Measuring all-protein concentration in DNA repair foci by FLIM

6 Nov 2025, 11:15

30m

Room 261(Laboratory building) (Zoom and Faculty of Physics, Taras Shevchenko National University of Kyiv, Kyiv, Ukraine)

Invited Talk Biophotonics & Molecular Spectroscopy

Speaker

Dr Svitlana M. Levchenko (Faculty of Biochemistry, Biophysics, and Biotechnology, Jagiellonian University, Kraków, Poland)

Description

On average one cell suffers up to tens of thousands of DNA lesions per day, induced by endogenous and environmental factors [1-3]. Induction of DNA damage leads to the recruitment of repair factors and formation of a DNA repair focus. It is reasonable to expect that the numerous repair factors that are recruited to a damaged site transiently create a distinct local microenvironment surrounding a DNA lesion.

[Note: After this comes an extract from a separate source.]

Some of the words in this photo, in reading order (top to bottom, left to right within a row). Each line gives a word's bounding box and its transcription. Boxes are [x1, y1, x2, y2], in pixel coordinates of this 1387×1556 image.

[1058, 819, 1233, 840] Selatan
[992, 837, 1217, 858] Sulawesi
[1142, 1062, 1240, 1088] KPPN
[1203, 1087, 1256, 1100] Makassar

Despite the seemingly stable nature of repair foci (DSB repair foci may last for hours, and SSB for several minutes or longer), repair proteins recruited to DNA damage are dynamic, continuously exchanging with the surrounding nucleoplasm throughout the repair process. Thus, an intriguing question arises as to the actual total concentration of all proteins residing in a repair focus and the role of high molecular crowding in creating an environment conducive to effective repair.
Using fluorescence lifetime imaging (FLIM), we demonstrated that repair foci that are formed in response to DNA breaks are much more densely packed with proteins than the surrounding nucleoplasm [4]. According to our data the local concentration of all proteins (i.e., the residing and recruited ones) in double- and single-strand DNA repair foci can be even 2.2 times higher than that in the surrounding nucleoplasm, which brings them close to the achievable maximum concentration. We hypothesize that a microenvironment characterized by such a high protein concentration may facilitate the formation of protein condensates, resulting in the stabilization of repair complexes.

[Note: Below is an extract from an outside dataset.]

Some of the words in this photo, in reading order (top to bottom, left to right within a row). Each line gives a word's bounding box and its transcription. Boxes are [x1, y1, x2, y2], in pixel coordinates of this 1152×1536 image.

1. Lindahl, T., Instability and decay of the primary structure of DNA. Nature 1993, 362 (6422), 709-15.
2. De Bont, R.; van Larebeke, N., Endogenous DNA damage in humans: a review of quantitative data. Mutagenesis 2004, 19 (3), 169-85.
3. Yousefzadeh, M.; Henpita, C.; Vyas, R.; Soto-Palma, C.; Robbins, P.; Niedernhofer, L., DNA damage-how and why we age? Elife 2021, 10.
4. Levchenko, S. M.; Dobrucki, J. W., High Molecular Crowding in Repair Foci Surrounding DNA Breaks, Measured by Fluorescence Lifetime Imaging Microscopy. Faseb Journal 2025, 39 (17).